Le niveau élevé de dissimulation, d’ancrage mental et de harcèlement des forces de Défense et de sécurité dans ces régions, relativise la probabilité d’une menace qui resterait résiduelle et exogène. Malgré leur infériorité en équipement, formation et nombre, les groupuscules ont amorcé, au Nord du pays, une étape décisive de leur conquête ; la réserve des jeunes envers l’offre jihadiste commence à se dissiper. En dépit de la modicité des moyens disponibles, le recrutement s’appuie aussi sur des promesses à portée de réalisation ici-bas ; l’appât des motocyclettes et d’argent s’enrichit de l’assistance et de la prise en charge, au bénéfice de la famille du combattant, mort  pour Dieu, voire de l’informateur arrêté.

Conclusion

Après le choc des attaques de Grand-Bassam en 2016 et de juin 2021 au Nord, l’agressivité, la répétition et l’incrustation à l’intérieur de la brousse changent la nature du péril. Son « endogénéité » devient une évidence empirique. L’évolution – récente mais peu assise – invite à un changement de paradigme.  Il importe de conjuguer, en parallèle du renseignement factuel, la veille et la détection des signes de radicalité dans la société et pas seulement à proximité de la zone de combat. A moins de cécité volontaire, la riposte idéologique tient du bon sens et de la prévision, si l’on pense aux perspectives de la relève jihadiste. De surcroît, le mode opératoire des combattants du Jihad impose des mesures de prophylaxie immédiate. Il s’agit, entre autres, d’interdire la circulation de convois de motocyclette de plus de trois passagers et la fermeture définitive des sites d’orpaillage, une de leurs sources de revenus. L’orpaillage, en dehors du préjudice écologique de long terme, est devenu un enjeu de sécurité nationale et mérite d’être ainsi traité.  

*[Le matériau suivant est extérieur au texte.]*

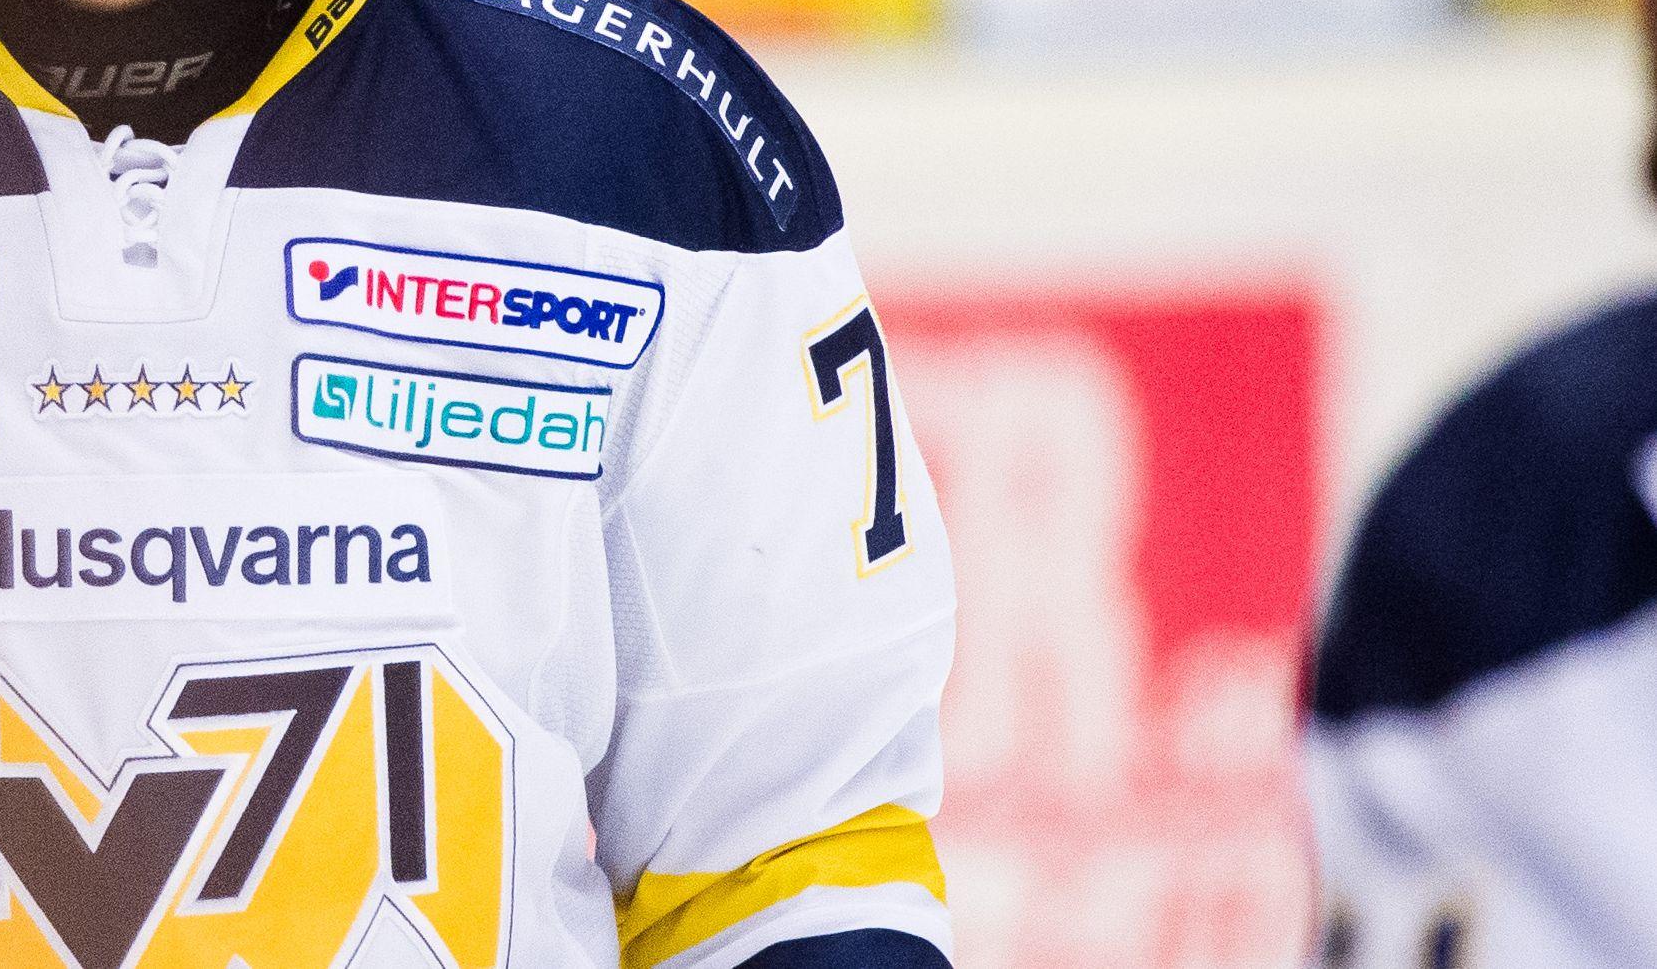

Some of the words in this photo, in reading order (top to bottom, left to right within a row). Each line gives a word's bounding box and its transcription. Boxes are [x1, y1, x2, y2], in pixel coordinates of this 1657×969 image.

Par-delà les tentatives de renforcement du front intérieur, toutes menées sans trop de succès en matière de réconciliation, le danger du moment offre l’opportunité, pour les Ivoiriens, de renforcer l’adhésion à la république laïque, grâce aux ressources de la solidarité et du patriotisme. La défense d’une cité, au sens grec du terme, requiert l’identification et la mise en accusation explicite de l’ennemi, auprès de la population, avec le concours des sommités religieuses et de la société civile. L’entreprise, sous peine d’échec, ne saurait s’accommoder de la langue de bois, des périphrases ni du ménagement de la susceptibilité d’acteurs confessionnels. Quand la violence aveugle frappe en prévision d’une brutalité exponentielle, la lucidité et l’instinct de survie commandent de ne pas trop sacrifier aux politesses suicidaires……

 

Lassina Diarra, chercheur sur islamisme et terrorisme en Afrique de l’ouest,

Centre4s.org et secrétaire exécutif observatoire ivoirien de l’extrémisme et de la laïcité.